REINOSO-VIZCAÍNO, NICOLÁS M.; CIAN, MELINA B.; CORTES, PAULO R.; OLIVERO, NADIA B.; HERNANDEZ-MORFA, MIRELYS; PIÑAS, GERMÁN E.; BADAPANDA, CHANDAN; RATHORE, ANKITA; PEREZ, DANIEL R.; ECHENIQUE, JOSÉ

PLOS PATHOGENS

PUBLIC LIBRARY SCIENCE

Año: 2020 vol. 16

1553-7366

The virus-bacterial synergism implicated in secondary bacterial infections caused by Streptococcus pneumoniae following infection with epidemic or pandemic influenza A virus (IAV) is well documented. However, the molecular mechanisms behind such synergism remain largely ill-defined. In pneumocytes infected with influenza A virus, subsequent infection with S. pneumoniae leads to enhanced pneumococcal intracellular survival. The pneumococcal two-component system SirRH appears essential for such enhanced survival. Through comparative transcriptomic analysis between the ΔsirR and wt strains, a list of 179 differentially expressed genes was defined. Among those, the clpL protein chaperone gene and the psaB Mn+2 transporter gene, which are involved in the stress response, are important in enhancing S. pneumoniae survival in influenza-infected cells.
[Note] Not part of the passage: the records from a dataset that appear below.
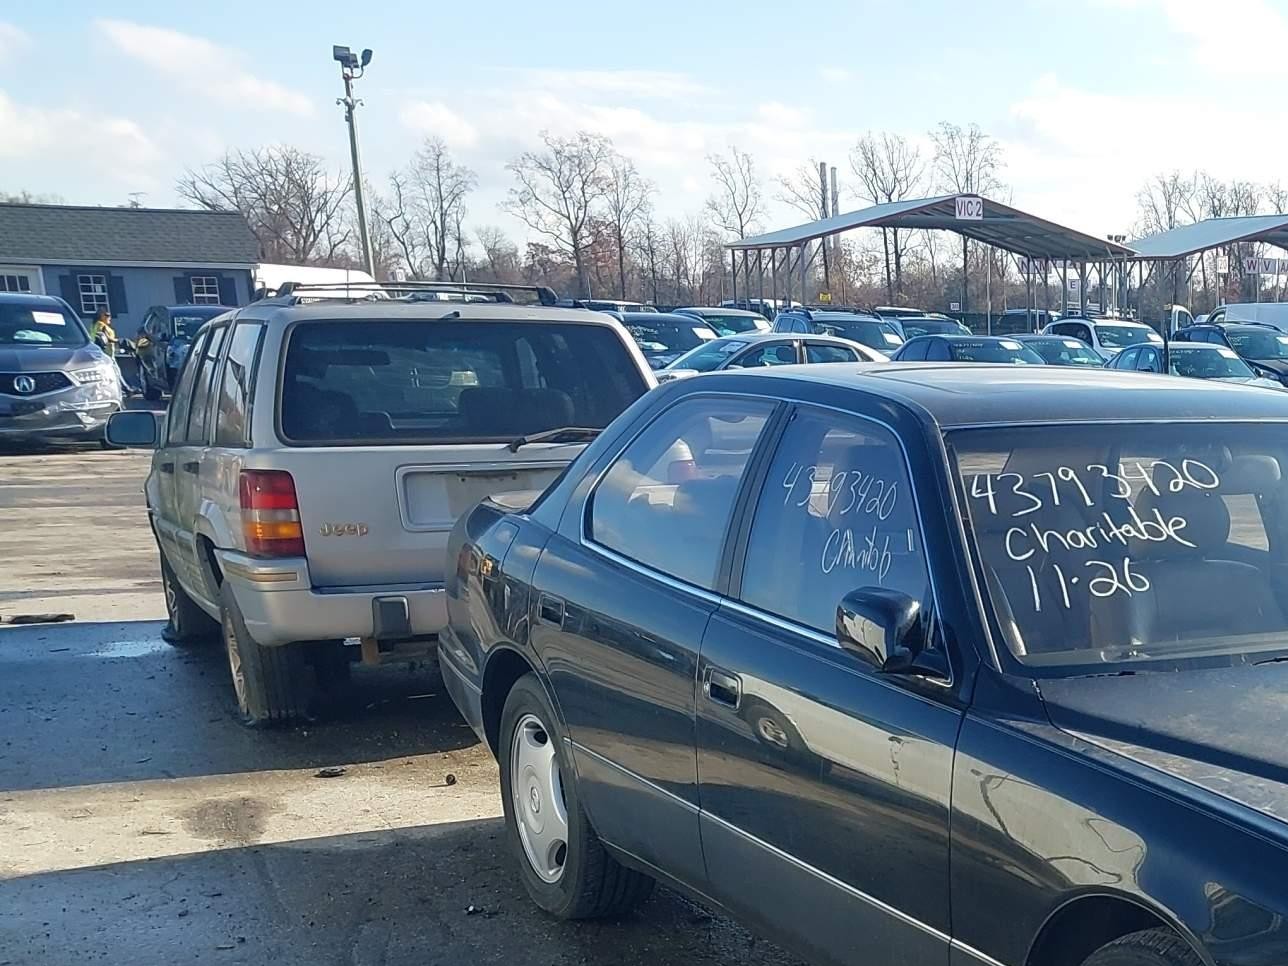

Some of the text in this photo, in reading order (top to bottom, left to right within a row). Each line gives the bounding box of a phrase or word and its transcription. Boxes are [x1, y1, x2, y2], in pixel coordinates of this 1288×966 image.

[956, 200, 982, 217] VIC 2
[1247, 260, 1257, 271] W
[1263, 260, 1271, 271] V
[970, 459, 1220, 517] 43793420
[319, 521, 369, 537] Jeep
[1005, 506, 1198, 561] Charitable
The ΔsirR, ΔclpL and ΔpsaB deletion mutants display increased susceptibility to acidic and oxidative stress and no enhancement of intracellular survival in IAV-infected pneumocyte cells. These results suggest that the SirRH two-component system senses IAV-induced stress conditions and controls adaptive responses that allow survival of S. pneumoniae in IAV-infected pneumocytes.